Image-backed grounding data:
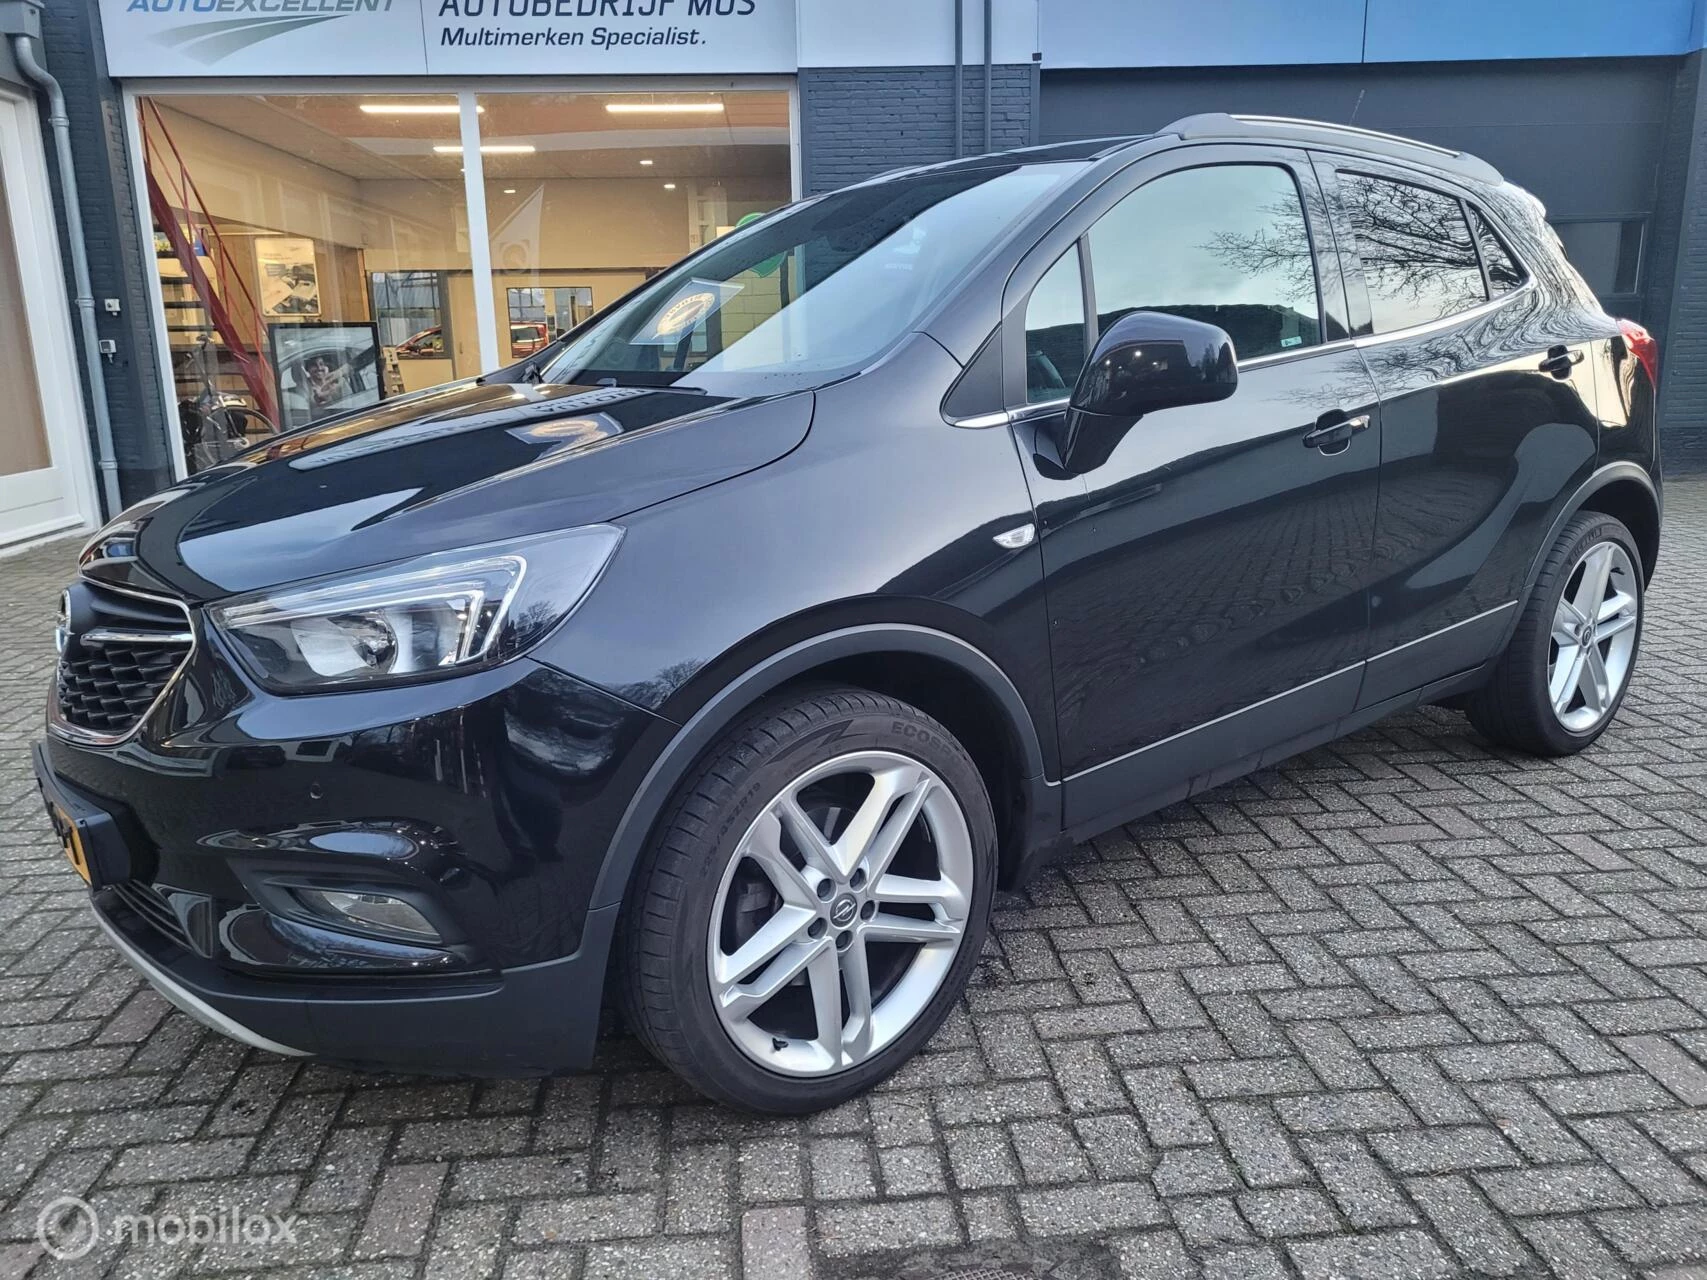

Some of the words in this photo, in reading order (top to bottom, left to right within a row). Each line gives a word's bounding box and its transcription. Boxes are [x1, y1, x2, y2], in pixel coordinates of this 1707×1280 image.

[126, 0, 394, 12] AUTOEXCELLENT
[438, 0, 675, 17] AUTOBEDRIJF
[440, 27, 584, 46] Multimerken
[590, 26, 707, 50] Specialist.

▶ _ABOUT THIS TASK_: In the copy, no pictures should appear; the records themselves must be repeated exactly.

▶ _RESPONSE BELOW_:
Some of the words in this photo, in reading order (top to bottom, left to right within a row). Each line gives a word's bounding box and its transcription. Boxes are [x1, y1, x2, y2], in pixel coordinates of this 1707×1280 image.

[126, 0, 394, 12] AUTOEXCELLENT
[438, 0, 675, 17] AUTOBEDRIJF
[440, 27, 584, 46] Multimerken
[590, 26, 707, 50] Specialist.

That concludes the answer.